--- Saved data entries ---
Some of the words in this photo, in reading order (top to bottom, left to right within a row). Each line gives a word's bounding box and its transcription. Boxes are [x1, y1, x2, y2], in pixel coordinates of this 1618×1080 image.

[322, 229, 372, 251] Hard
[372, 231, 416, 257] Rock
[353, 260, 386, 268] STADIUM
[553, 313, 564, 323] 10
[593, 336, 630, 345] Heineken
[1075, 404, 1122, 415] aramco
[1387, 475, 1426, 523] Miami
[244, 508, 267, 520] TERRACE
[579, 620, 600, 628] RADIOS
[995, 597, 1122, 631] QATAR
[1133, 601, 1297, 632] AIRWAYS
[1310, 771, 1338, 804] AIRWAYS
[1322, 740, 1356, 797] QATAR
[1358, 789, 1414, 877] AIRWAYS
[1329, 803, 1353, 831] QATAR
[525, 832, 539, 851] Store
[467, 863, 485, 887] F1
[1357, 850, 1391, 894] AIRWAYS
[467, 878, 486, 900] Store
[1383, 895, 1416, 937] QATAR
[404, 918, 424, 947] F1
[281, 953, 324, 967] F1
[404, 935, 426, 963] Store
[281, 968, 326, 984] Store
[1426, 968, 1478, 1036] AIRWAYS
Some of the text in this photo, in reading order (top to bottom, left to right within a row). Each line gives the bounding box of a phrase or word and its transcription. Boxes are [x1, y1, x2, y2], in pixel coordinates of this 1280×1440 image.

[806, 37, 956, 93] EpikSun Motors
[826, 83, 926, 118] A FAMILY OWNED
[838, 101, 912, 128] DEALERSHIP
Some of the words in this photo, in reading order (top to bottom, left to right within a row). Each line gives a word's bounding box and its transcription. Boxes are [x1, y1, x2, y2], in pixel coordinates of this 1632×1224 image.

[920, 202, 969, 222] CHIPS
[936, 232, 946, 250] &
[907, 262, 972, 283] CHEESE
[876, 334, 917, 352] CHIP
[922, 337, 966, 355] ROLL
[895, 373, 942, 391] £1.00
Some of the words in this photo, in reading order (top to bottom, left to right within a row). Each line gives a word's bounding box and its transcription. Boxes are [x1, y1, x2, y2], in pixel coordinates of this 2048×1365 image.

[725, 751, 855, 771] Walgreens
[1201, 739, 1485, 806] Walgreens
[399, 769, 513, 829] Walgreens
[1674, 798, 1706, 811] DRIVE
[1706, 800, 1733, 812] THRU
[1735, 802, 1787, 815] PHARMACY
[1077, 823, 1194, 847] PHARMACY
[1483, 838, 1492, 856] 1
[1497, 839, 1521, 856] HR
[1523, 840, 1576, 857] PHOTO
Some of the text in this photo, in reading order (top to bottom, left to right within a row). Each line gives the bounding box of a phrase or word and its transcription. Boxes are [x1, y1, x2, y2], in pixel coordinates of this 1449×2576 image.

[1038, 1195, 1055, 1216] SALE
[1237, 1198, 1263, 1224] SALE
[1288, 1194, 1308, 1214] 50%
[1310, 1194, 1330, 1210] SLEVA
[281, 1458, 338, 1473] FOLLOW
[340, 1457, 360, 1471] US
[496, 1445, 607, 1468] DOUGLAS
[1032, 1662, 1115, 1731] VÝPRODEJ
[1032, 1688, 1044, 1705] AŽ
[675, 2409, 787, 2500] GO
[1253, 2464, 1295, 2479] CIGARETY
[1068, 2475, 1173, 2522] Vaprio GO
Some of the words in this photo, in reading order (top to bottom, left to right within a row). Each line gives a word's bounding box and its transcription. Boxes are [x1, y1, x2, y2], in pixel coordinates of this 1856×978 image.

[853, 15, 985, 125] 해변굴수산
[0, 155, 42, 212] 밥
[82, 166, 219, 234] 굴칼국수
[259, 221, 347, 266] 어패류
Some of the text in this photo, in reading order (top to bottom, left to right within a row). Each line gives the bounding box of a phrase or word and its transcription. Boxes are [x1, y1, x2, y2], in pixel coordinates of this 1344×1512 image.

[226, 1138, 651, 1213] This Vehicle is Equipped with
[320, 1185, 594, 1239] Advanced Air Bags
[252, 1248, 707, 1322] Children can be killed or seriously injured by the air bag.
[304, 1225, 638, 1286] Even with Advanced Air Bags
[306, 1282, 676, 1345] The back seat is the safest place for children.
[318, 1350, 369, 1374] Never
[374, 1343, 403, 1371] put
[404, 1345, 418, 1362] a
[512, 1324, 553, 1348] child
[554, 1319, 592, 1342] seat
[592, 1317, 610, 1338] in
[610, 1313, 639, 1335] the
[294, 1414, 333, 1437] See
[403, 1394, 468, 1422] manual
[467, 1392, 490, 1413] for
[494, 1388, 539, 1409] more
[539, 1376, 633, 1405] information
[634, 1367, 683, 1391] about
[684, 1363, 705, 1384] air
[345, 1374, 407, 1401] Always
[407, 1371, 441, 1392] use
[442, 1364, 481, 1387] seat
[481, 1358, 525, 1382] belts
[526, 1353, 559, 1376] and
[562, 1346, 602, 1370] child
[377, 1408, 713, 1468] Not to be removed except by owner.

--- Exercise goal ---
Retype the data. Every line must match the original exactly.

--- Output of the task ---
Some of the words in this photo, in reading order (top to bottom, left to right within a row). Each line gives a word's bounding box and its transcription. Boxes are [x1, y1, x2, y2], in pixel coordinates of this 1618×1080 image.

[322, 229, 372, 251] Hard
[372, 231, 416, 257] Rock
[353, 260, 386, 268] STADIUM
[553, 313, 564, 323] 10
[593, 336, 630, 345] Heineken
[1075, 404, 1122, 415] aramco
[1387, 475, 1426, 523] Miami
[244, 508, 267, 520] TERRACE
[579, 620, 600, 628] RADIOS
[995, 597, 1122, 631] QATAR
[1133, 601, 1297, 632] AIRWAYS
[1310, 771, 1338, 804] AIRWAYS
[1322, 740, 1356, 797] QATAR
[1358, 789, 1414, 877] AIRWAYS
[1329, 803, 1353, 831] QATAR
[525, 832, 539, 851] Store
[467, 863, 485, 887] F1
[1357, 850, 1391, 894] AIRWAYS
[467, 878, 486, 900] Store
[1383, 895, 1416, 937] QATAR
[404, 918, 424, 947] F1
[281, 953, 324, 967] F1
[404, 935, 426, 963] Store
[281, 968, 326, 984] Store
[1426, 968, 1478, 1036] AIRWAYS
Some of the text in this photo, in reading order (top to bottom, left to right within a row). Each line gives the bounding box of a phrase or word and its transcription. Boxes are [x1, y1, x2, y2], in pixel coordinates of this 1280×1440 image.

[806, 37, 956, 93] EpikSun Motors
[826, 83, 926, 118] A FAMILY OWNED
[838, 101, 912, 128] DEALERSHIP
Some of the words in this photo, in reading order (top to bottom, left to right within a row). Each line gives a word's bounding box and its transcription. Boxes are [x1, y1, x2, y2], in pixel coordinates of this 1632×1224 image.

[920, 202, 969, 222] CHIPS
[936, 232, 946, 250] &
[907, 262, 972, 283] CHEESE
[876, 334, 917, 352] CHIP
[922, 337, 966, 355] ROLL
[895, 373, 942, 391] £1.00
Some of the words in this photo, in reading order (top to bottom, left to right within a row). Each line gives a word's bounding box and its transcription. Boxes are [x1, y1, x2, y2], in pixel coordinates of this 2048×1365 image.

[725, 751, 855, 771] Walgreens
[1201, 739, 1485, 806] Walgreens
[399, 769, 513, 829] Walgreens
[1674, 798, 1706, 811] DRIVE
[1706, 800, 1733, 812] THRU
[1735, 802, 1787, 815] PHARMACY
[1077, 823, 1194, 847] PHARMACY
[1483, 838, 1492, 856] 1
[1497, 839, 1521, 856] HR
[1523, 840, 1576, 857] PHOTO
Some of the text in this photo, in reading order (top to bottom, left to right within a row). Each line gives the bounding box of a phrase or word and its transcription. Boxes are [x1, y1, x2, y2], in pixel coordinates of this 1449×2576 image.

[1038, 1195, 1055, 1216] SALE
[1237, 1198, 1263, 1224] SALE
[1288, 1194, 1308, 1214] 50%
[1310, 1194, 1330, 1210] SLEVA
[281, 1458, 338, 1473] FOLLOW
[340, 1457, 360, 1471] US
[496, 1445, 607, 1468] DOUGLAS
[1032, 1662, 1115, 1731] VÝPRODEJ
[1032, 1688, 1044, 1705] AŽ
[675, 2409, 787, 2500] GO
[1253, 2464, 1295, 2479] CIGARETY
[1068, 2475, 1173, 2522] Vaprio GO
Some of the words in this photo, in reading order (top to bottom, left to right within a row). Each line gives a word's bounding box and its transcription. Boxes are [x1, y1, x2, y2], in pixel coordinates of this 1856×978 image.

[853, 15, 985, 125] 해변굴수산
[0, 155, 42, 212] 밥
[82, 166, 219, 234] 굴칼국수
[259, 221, 347, 266] 어패류
Some of the text in this photo, in reading order (top to bottom, left to right within a row). Each line gives the bounding box of a phrase or word and its transcription. Boxes are [x1, y1, x2, y2], in pixel coordinates of this 1344×1512 image.

[226, 1138, 651, 1213] This Vehicle is Equipped with
[320, 1185, 594, 1239] Advanced Air Bags
[252, 1248, 707, 1322] Children can be killed or seriously injured by the air bag.
[304, 1225, 638, 1286] Even with Advanced Air Bags
[306, 1282, 676, 1345] The back seat is the safest place for children.
[318, 1350, 369, 1374] Never
[374, 1343, 403, 1371] put
[404, 1345, 418, 1362] a
[512, 1324, 553, 1348] child
[554, 1319, 592, 1342] seat
[592, 1317, 610, 1338] in
[610, 1313, 639, 1335] the
[294, 1414, 333, 1437] See
[403, 1394, 468, 1422] manual
[467, 1392, 490, 1413] for
[494, 1388, 539, 1409] more
[539, 1376, 633, 1405] information
[634, 1367, 683, 1391] about
[684, 1363, 705, 1384] air
[345, 1374, 407, 1401] Always
[407, 1371, 441, 1392] use
[442, 1364, 481, 1387] seat
[481, 1358, 525, 1382] belts
[526, 1353, 559, 1376] and
[562, 1346, 602, 1370] child
[377, 1408, 713, 1468] Not to be removed except by owner.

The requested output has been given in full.